Use the following steps to create and execute the job:

  1. Navigate to Jobs pane then select Create Job. Fill in the job name as football. Configure the job parameters, such as parallelism, retry limit, and timeout. Add environment variables and secret environment variables as needed. After confirmation, select Create.

    Screenshot of the Azure portal that shows the Jobs (preview) page with the Create Job pane open.

  2. After creating the job, expand Managed components in the navigation pane and select Service Registry. Then, select Job binding, select Bind job to select the football job, and then select Apply to bind.

    Screenshot of the Azure portal that shows the Service Registry page with the Bind job dialog box open.

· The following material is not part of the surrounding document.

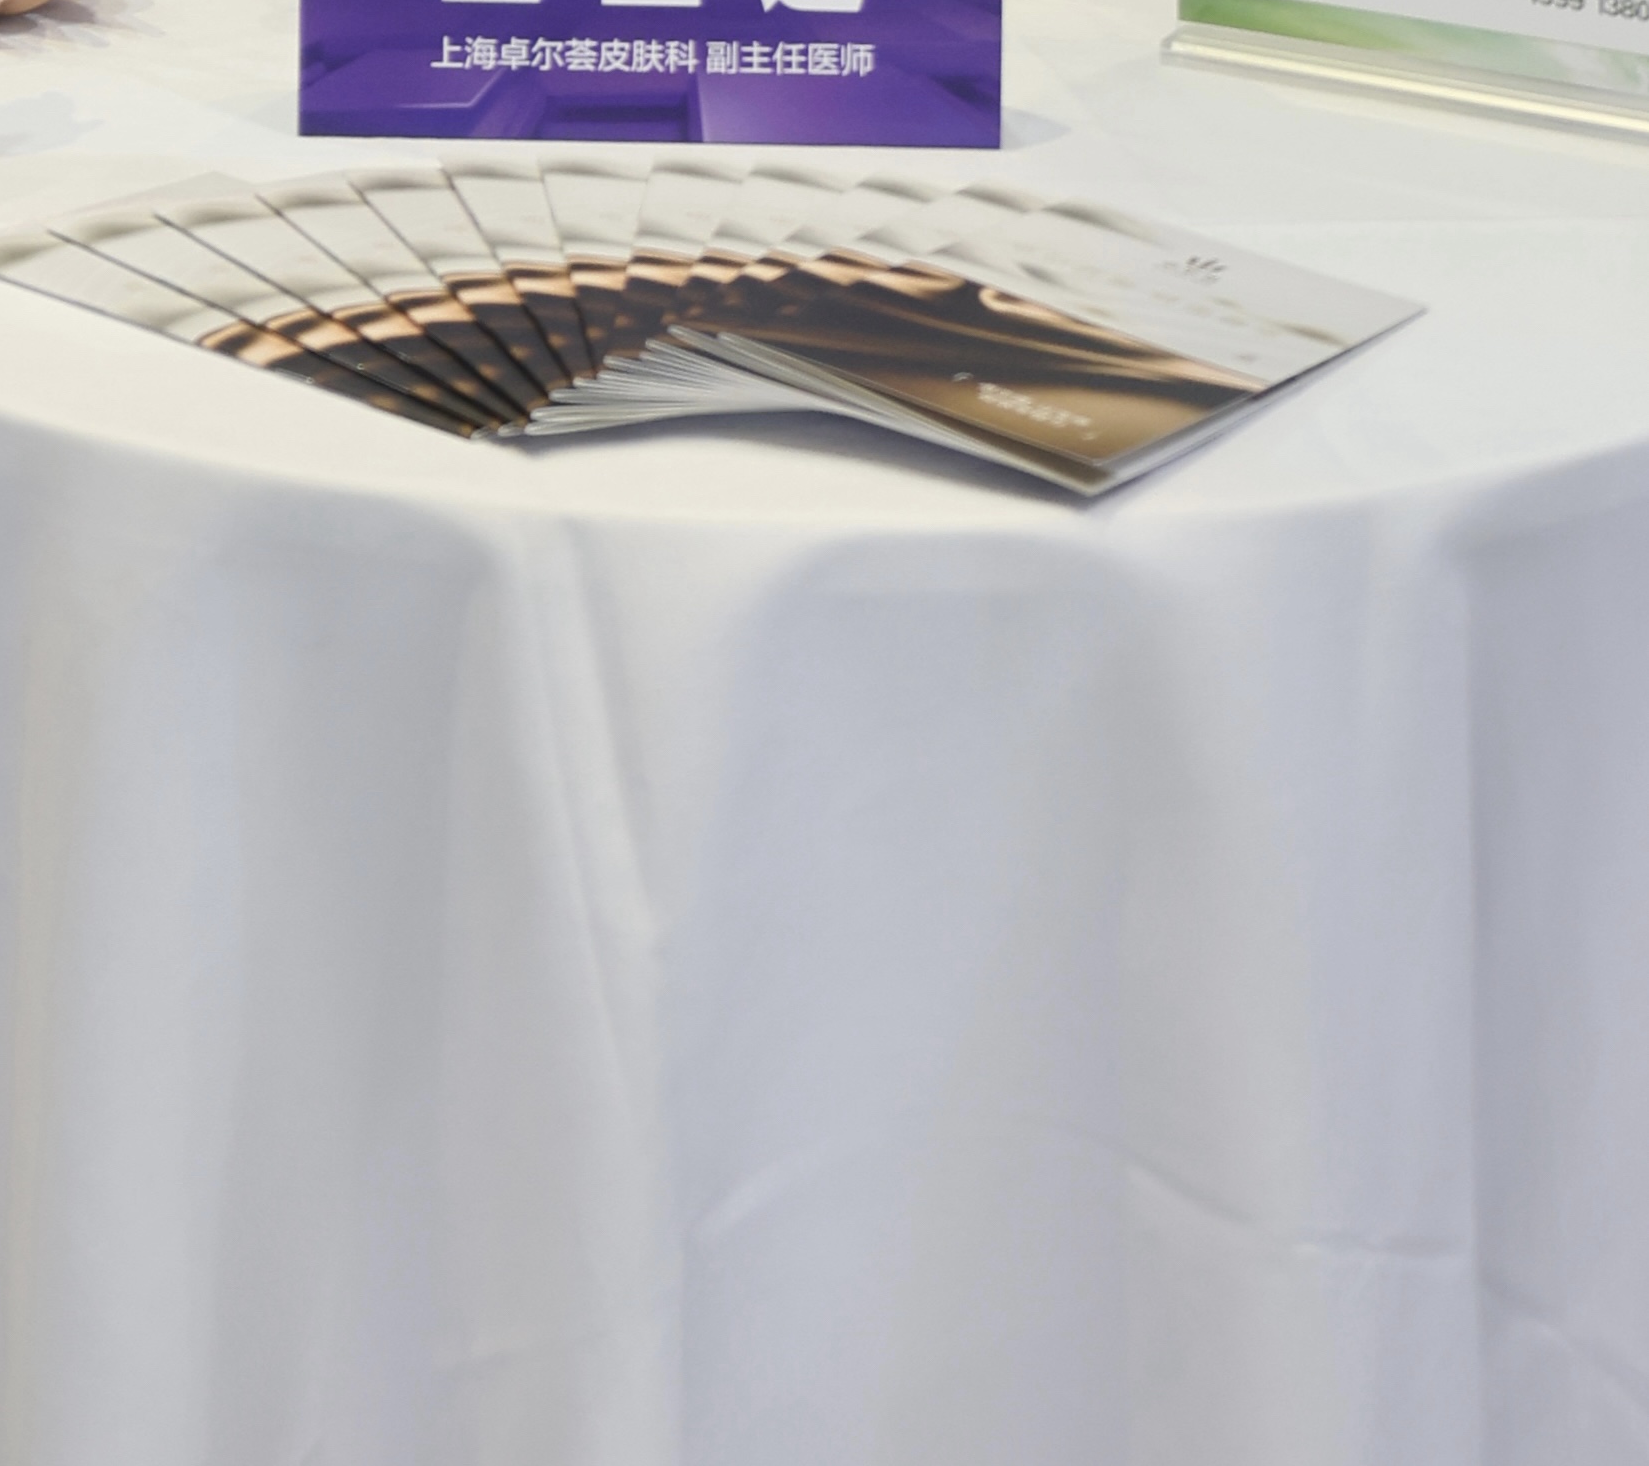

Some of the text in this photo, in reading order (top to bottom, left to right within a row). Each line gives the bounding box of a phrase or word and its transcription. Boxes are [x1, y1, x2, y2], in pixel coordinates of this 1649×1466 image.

  3. Go back to the Jobs pane after binding the job, select Deploy Job, and then copy the Azure CLI command for deploying the job. Then, open a Bash window and paste the command onto the command line, replacing the artifact path with the correct value for your system. Then, run the command. Wait several minutes until the build and deployment succeed. The command and output should look similar to the following example:

    $ az spring job deploy -s job-demo -g job-demo -n football --artifact-path target/spring-batch-football-0.0.1-SNAPSHOT-jar-with-dependencies.jar --build-env BP_JVM_VERSION=17
    This command is in preview and under development. Reference and support levels: https://aka.ms/CLI_refstatus
    This command usually takes minutes to run. Add '--verbose' parameter if needed.
    [1/5] Requesting for upload URL.
    [2/5] Uploading package to blob.
    [3/5] Creating or Updating build 'football'.
    [4/5] Waiting for building container image to finish. This may take a few minutes.
    
  4. After deployment, open the overview page of the football job by selecting the job name. Select Run to initiate the task execution. You can customize each execution of the job with different parameters, such as environment variables, or just select Run to trigger the execution. A message indicates that the job is running.

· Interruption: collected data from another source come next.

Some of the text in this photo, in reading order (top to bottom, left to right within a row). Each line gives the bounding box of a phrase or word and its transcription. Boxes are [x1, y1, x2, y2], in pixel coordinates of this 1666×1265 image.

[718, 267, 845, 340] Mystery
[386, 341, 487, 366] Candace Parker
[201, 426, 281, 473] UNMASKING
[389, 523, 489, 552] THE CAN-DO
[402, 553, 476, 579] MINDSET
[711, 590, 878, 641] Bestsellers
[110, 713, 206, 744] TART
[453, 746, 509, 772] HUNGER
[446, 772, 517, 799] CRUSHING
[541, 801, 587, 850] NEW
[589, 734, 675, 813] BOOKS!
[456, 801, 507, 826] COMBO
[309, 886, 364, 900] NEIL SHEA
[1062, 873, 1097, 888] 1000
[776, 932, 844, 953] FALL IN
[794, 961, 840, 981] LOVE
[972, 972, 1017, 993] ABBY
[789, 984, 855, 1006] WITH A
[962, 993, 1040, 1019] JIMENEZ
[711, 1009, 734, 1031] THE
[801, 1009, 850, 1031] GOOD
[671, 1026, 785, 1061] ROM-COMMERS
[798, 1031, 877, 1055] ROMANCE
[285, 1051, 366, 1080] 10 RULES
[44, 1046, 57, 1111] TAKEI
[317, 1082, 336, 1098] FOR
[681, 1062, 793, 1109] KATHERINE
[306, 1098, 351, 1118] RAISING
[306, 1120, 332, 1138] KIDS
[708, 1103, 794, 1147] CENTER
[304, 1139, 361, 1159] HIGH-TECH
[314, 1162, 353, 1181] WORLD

    Screenshot of the Azure portal that shows the Jobs (preview) Overview page with the Run Job pane open.

6. Check the job execution result and the billboard UI

You can now access the execution of the job and check its result.

Use the following steps to validate:

  1. On the Executions pane, check the job execution result. Wait a few seconds and refresh to see the status turn to Completed. This value means that the job execution finishes successfully.

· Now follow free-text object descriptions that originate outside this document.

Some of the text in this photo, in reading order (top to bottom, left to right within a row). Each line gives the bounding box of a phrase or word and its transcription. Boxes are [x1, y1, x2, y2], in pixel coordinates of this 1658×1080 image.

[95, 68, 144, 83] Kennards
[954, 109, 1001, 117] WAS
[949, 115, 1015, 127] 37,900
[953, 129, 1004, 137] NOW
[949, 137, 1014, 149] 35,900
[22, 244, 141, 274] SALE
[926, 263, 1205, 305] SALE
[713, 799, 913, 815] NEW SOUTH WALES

  2. Select View logs to query the logs of the job execution.

    Screenshot of the Azure portal that shows the Logs page.

  3. Open the public endpoint of the app in a browser window to see the billboard UI. Leave the app open.

    Screenshot of the sample app billboard UI.

  4. Go back to the overview page of the football job and select Run to trigger the execution again.

  5. Go back to the endpoint page in the browser and select Refresh to see the UI changed, as shown in the following screenshot:

    Screenshot of the sample app billboard UI after it changes.

7. Clean up resources

Be sure to delete the resources you created in this article when you no longer need them. You can delete the Azure resource group, which includes all the resources in the resource group.

Use the following steps to delete the entire resource group, including the newly created service instance:

  1. Locate your resource group in the Azure portal. On the navigation menu, select Resource groups, and then select the name of your resource group.

  2. On the Resource group page, select Delete. Enter the name of your resource group in the text box to confirm deletion, then select Delete.